The majority of stars are not solo stars like our Sun. Instead, they are binary or trinary systems, and in some cases, there can be many more. The stars don’t have to be equal, either. You might get a small dwarf star circulating a red giant, or perhaps a main-sequence star gradually being ripped apart by a black hole. Or they could be equal. But cataclysmic variable stars are essentially stars that go boom on a regular basis. What’s up with that?
The Discovery of Cataclysmic Variable Stars
Cataclysmic variable stars have long been observed, with the first known observation by Pére Dom Anthelme in 1670. Others carried on that work, particularly during the 19th century with bigger and better telescopes. More importantly, spectroscopy became useful to identify anomalies, such as those often found with novae. These stars were oddities that periodically brightened and dimmed, and spectroscopic measurements also varied.
During the 1940s, spectroscopic data showed that there were two distinct sets of emission spectra, which suggest that a known dwarf nova was actually two stars: a binary system.

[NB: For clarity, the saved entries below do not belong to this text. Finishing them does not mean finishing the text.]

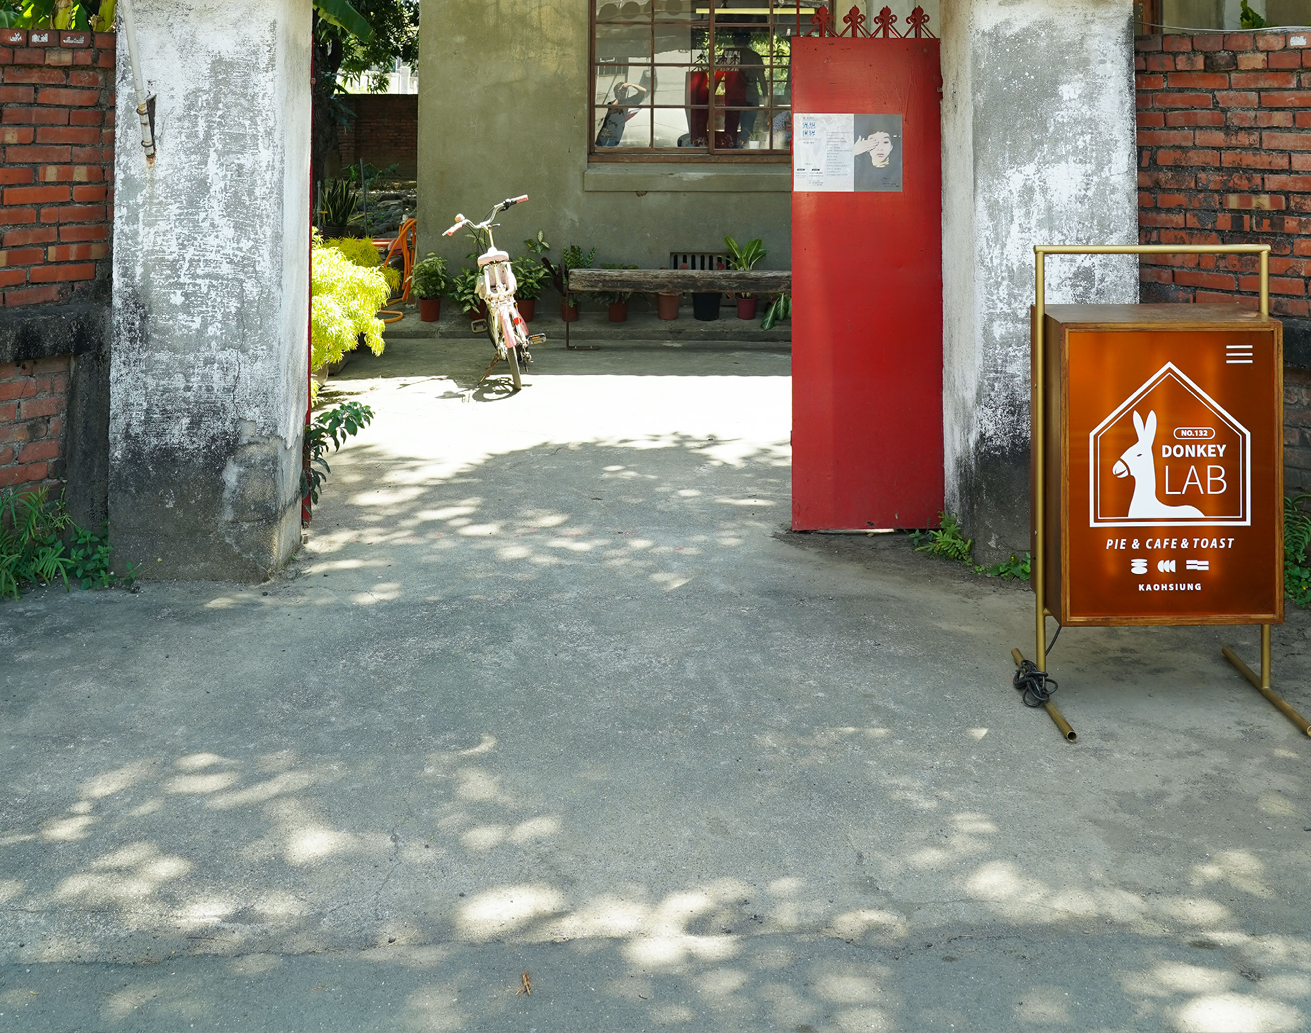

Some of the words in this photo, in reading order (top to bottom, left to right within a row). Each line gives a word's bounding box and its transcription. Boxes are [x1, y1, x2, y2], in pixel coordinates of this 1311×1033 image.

[1180, 429, 1208, 437] NO.132
[1161, 444, 1227, 458] DONKEY
[1165, 464, 1227, 495] LAB
[1105, 538, 1127, 550] PIE
[1131, 538, 1141, 550] &
[1145, 538, 1178, 550] CAFE
[1180, 538, 1190, 550] &
[1192, 538, 1235, 550] TOAST
[1138, 583, 1202, 592] KAOHSIUNG
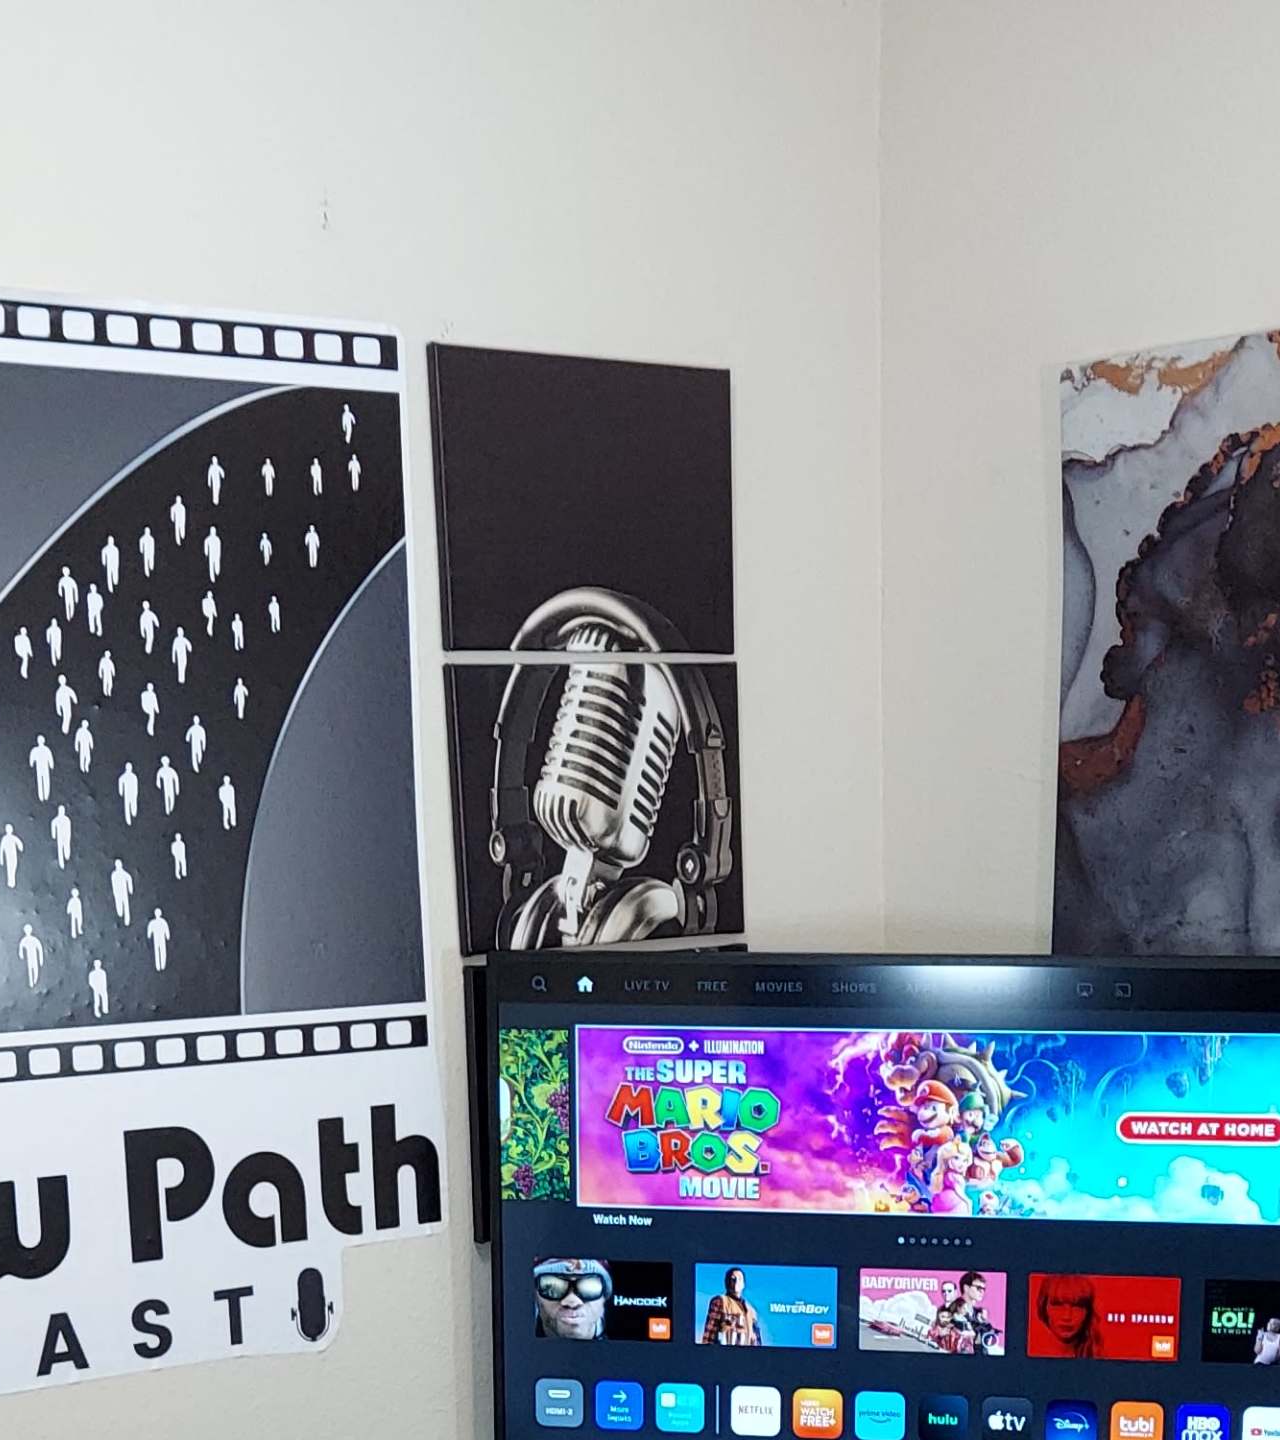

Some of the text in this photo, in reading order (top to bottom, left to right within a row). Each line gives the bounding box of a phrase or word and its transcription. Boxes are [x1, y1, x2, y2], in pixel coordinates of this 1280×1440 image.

[624, 980, 670, 992] LIVE TV
[696, 981, 728, 993] FREE
[755, 982, 803, 993] MOVIES
[832, 982, 877, 994] SHOWS
[628, 1040, 679, 1051] Nintendo
[704, 1039, 765, 1055] ILLUMINATION
[625, 1059, 747, 1084] THE SUPER
[605, 1082, 782, 1133] MARIO
[1131, 1120, 1276, 1137] WATCH AT HOME
[622, 1128, 771, 1175] BROS.
[122, 1103, 442, 1264] Path
[679, 1177, 761, 1199] MOVIE
[593, 1213, 653, 1227] Watch Now
[861, 1275, 939, 1291] BABY DRIVER
[614, 1295, 668, 1308] HANCOCK
[1211, 1311, 1256, 1329] LOL!
[738, 1404, 773, 1416] NETFLIX
[800, 1407, 835, 1417] WATCH
[928, 1412, 958, 1426] hulu
[1004, 1413, 1026, 1431] tv
[1187, 1415, 1221, 1430] HBO

Further data backed this up.
In the 1960s, a series of missile launches were used to scan the heavens. Essentially, it was an X-ray detector strapped to an ICBM. The launches were programmed to scan a particular sector for 3 to 5 minutes, and then they would fall back to Earth with the data. One launch detected an X-ray transient, which is an X-ray burst that momentarily appeared and then disappeared when it was next scanned.
This provided the first inkling that the universe was even more violent than we had thought.

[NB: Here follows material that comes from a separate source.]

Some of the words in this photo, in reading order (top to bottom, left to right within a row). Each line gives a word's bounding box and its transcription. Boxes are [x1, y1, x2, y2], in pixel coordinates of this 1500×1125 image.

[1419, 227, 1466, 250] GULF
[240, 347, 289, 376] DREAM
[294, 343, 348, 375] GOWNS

This system was replaced by the Vela series of satellites, and they detected even more X-ray bursts, as well as more than a few from their official job: nuclear weapon test detection. Other satellites supplanted them.
All of this data came in handy when eventually declassified. Scientists in the ’70s started to work out what these X-ray bursts were.
Stars That Go Boom
The answer is surprisingly simple. Take one main-sequence (usually dwarf) star, and then pair it with a white dwarf. Because the stars are orbiting very closely, they are very hard to tell apart. The main sequence star must also pass near or through the dwarf star’s accretion disc. This strips out a load of the main sequence star’s fusible material, which immediately reacts violently on the surface of the white dwarf. The result is a series of huge and controlled thermonuclear explosions that are many orders of magnitude bigger than the largest thermonuclear weapon humanity has ever created.

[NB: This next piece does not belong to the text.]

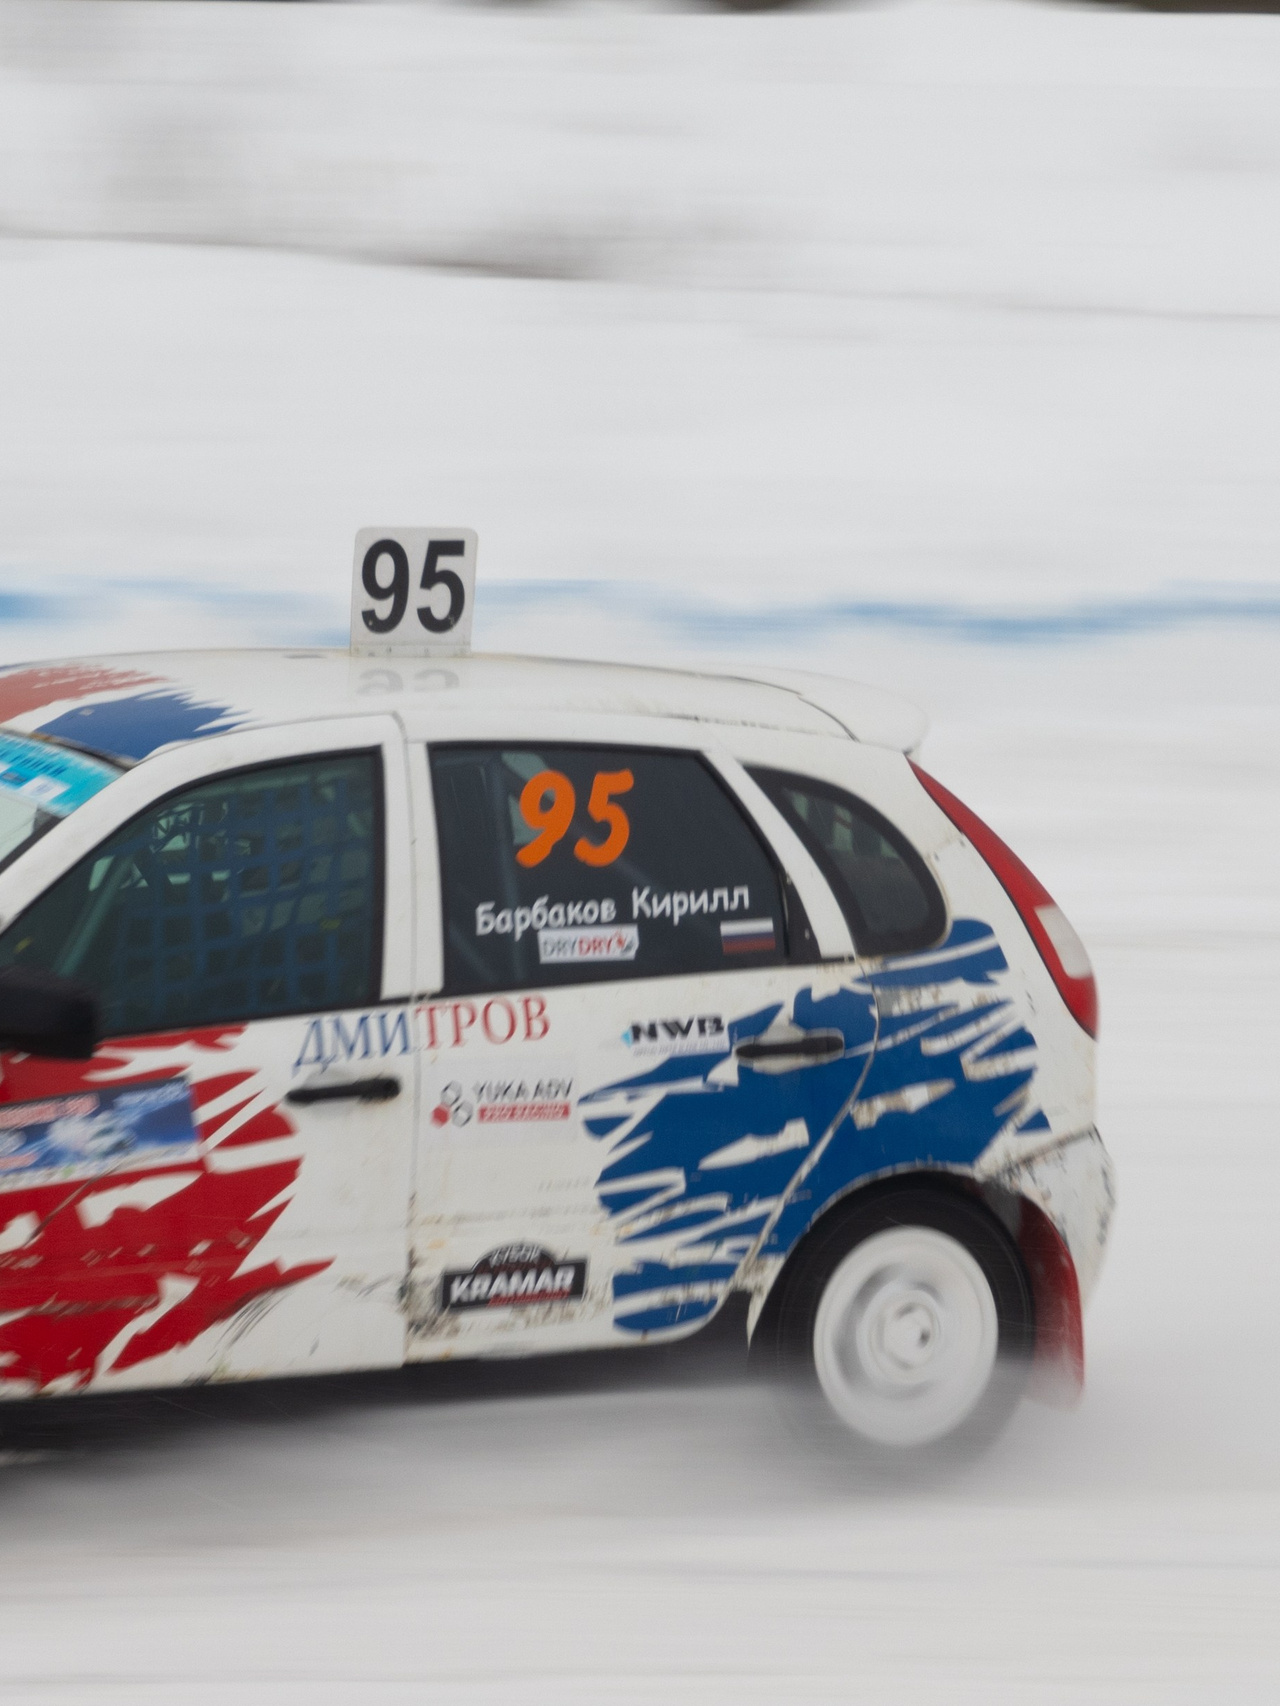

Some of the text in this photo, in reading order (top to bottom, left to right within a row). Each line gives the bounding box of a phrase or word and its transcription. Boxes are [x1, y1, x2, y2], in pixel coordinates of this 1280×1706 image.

It’s this that creates a huge burst of X-rays and gamma rays. This has the effect of sterilizing all life in the system and perhaps further.
There are several types of CV system:
- Novae are extremely bright. This creates a new, incredibly bright light in the sky that can last for several months. These include M31N 2008-12a.
- Dwarf nova is not as bright, and their output can perhaps last a few hours or as long as a couple of weeks. These are the most common type of CV. These include U Geminorum and SS Cygni.
- Polars are magnetic cataclysmic variables. They have strong magnetic fields that force the material to go to the north and south poles, where they continuously burn. They glow, but they do not produce outbursts. Polars include AM Herculis.
Binary systems are some of the most common in the Milky Way, and it’s almost inevitable that a good portion of them are some sort of cataclysmic variable star or will be. Despite the lack of mainstream news interest, understanding them is important if we are to understand our place in the galaxy.